**TO DO**:
Copy each entry verbatim, excluding its images.

Saved data entries
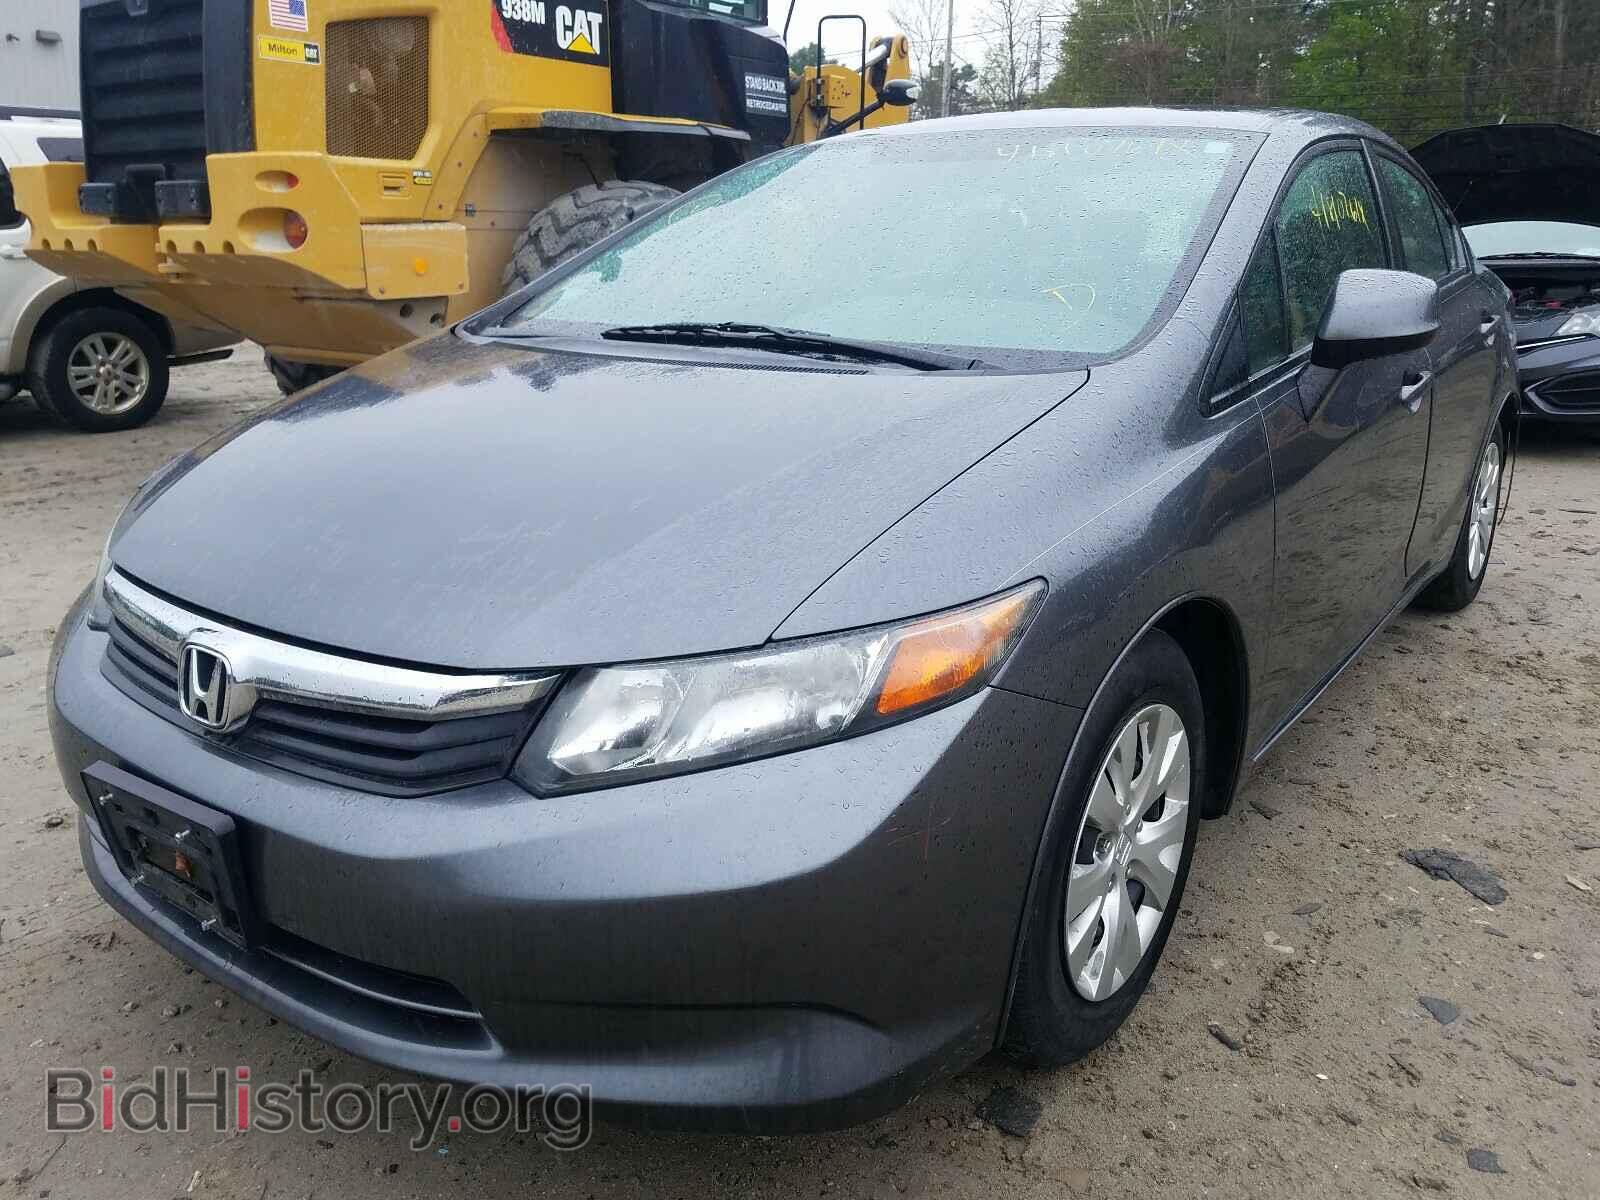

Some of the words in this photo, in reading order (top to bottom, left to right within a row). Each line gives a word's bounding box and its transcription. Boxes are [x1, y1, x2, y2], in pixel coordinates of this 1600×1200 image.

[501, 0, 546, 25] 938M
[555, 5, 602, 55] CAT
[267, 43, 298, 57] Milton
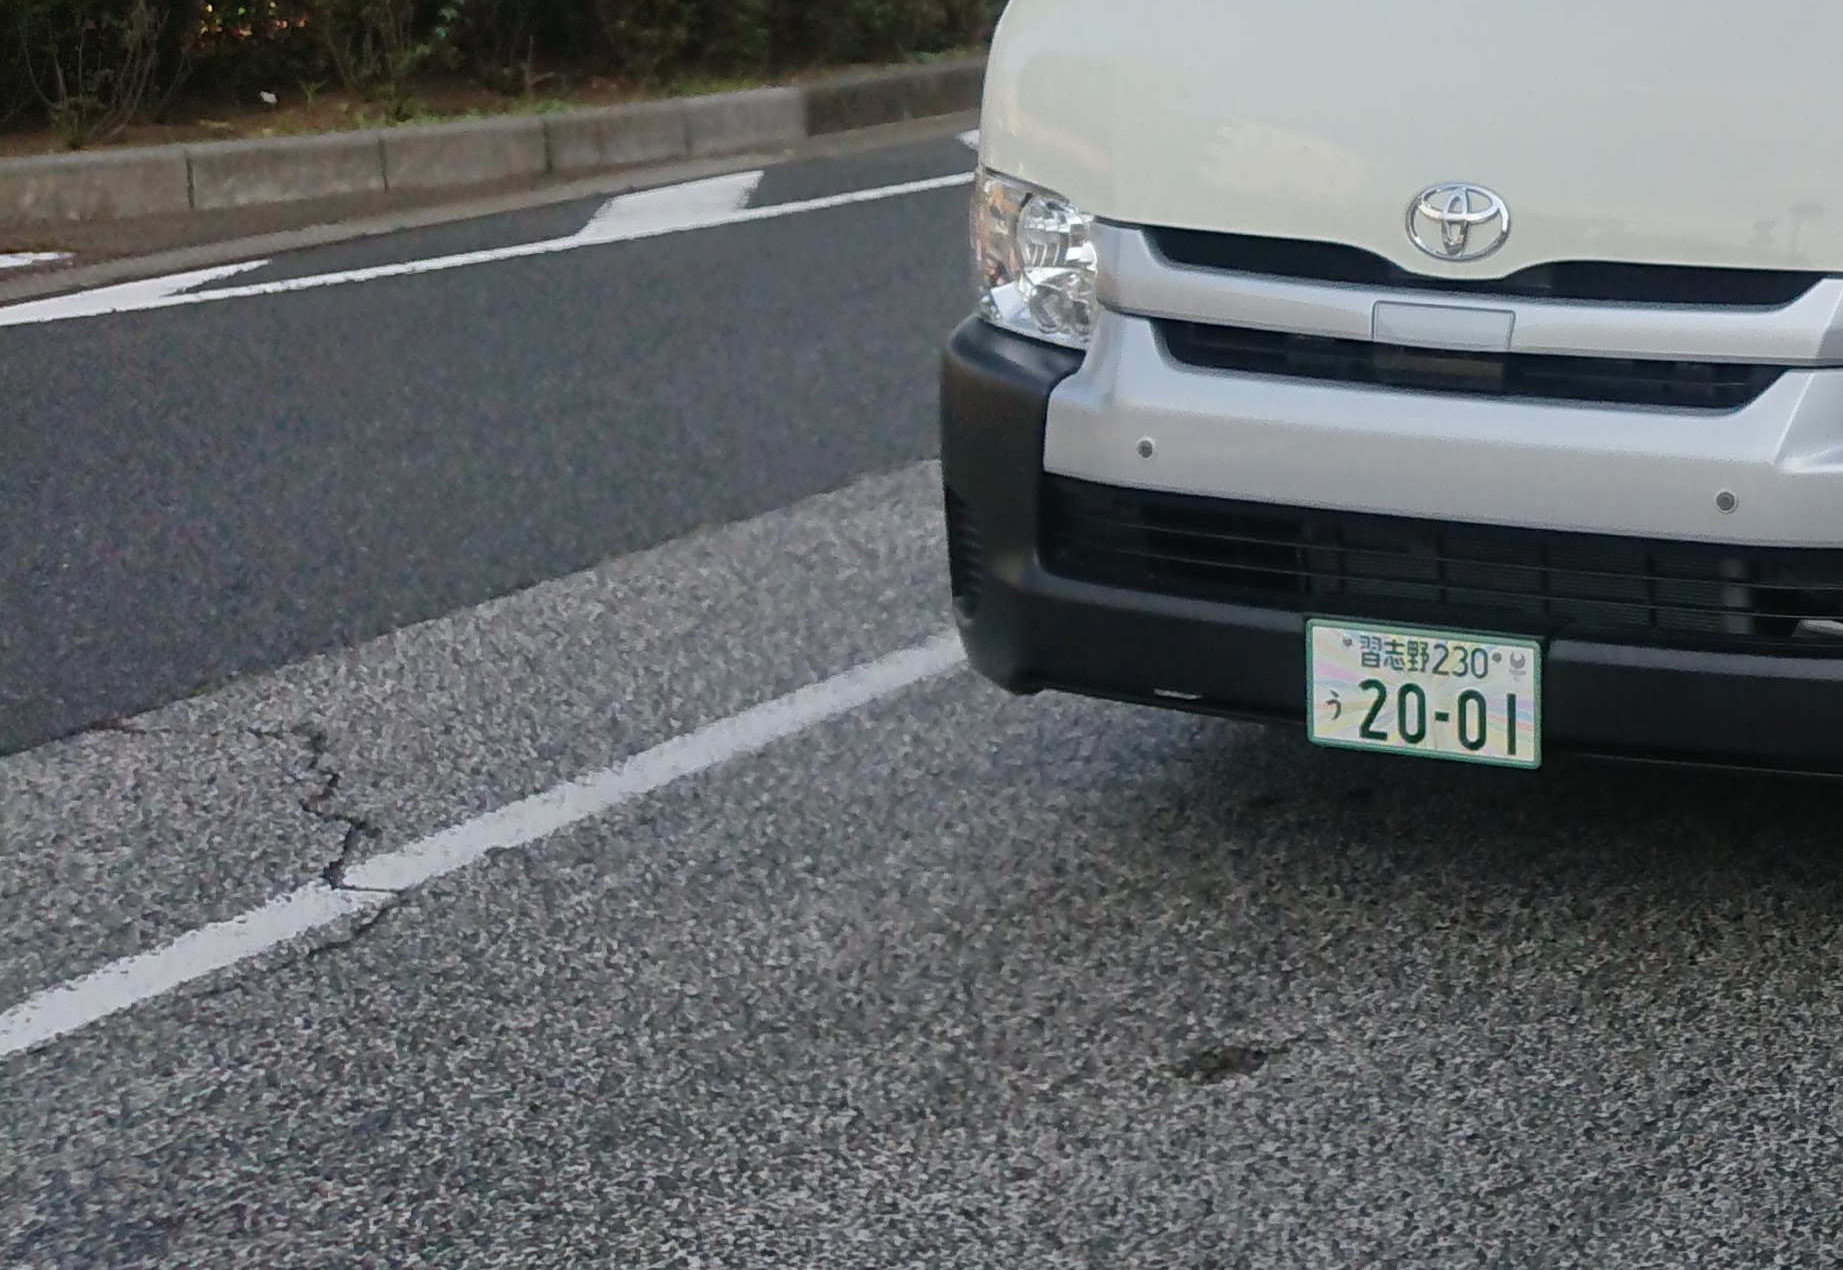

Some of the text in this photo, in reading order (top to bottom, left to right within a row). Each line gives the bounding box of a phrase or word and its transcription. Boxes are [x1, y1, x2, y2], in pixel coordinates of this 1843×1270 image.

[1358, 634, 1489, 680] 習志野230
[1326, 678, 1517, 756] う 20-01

**EXERCISE SOLUTION**:
Some of the words in this photo, in reading order (top to bottom, left to right within a row). Each line gives a word's bounding box and its transcription. Boxes are [x1, y1, x2, y2], in pixel coordinates of this 1600×1200 image.

[501, 0, 546, 25] 938M
[555, 5, 602, 55] CAT
[267, 43, 298, 57] Milton

Some of the text in this photo, in reading order (top to bottom, left to right within a row). Each line gives the bounding box of a phrase or word and its transcription. Boxes are [x1, y1, x2, y2], in pixel coordinates of this 1843×1270 image.

[1358, 634, 1489, 680] 習志野230
[1326, 678, 1517, 756] う 20-01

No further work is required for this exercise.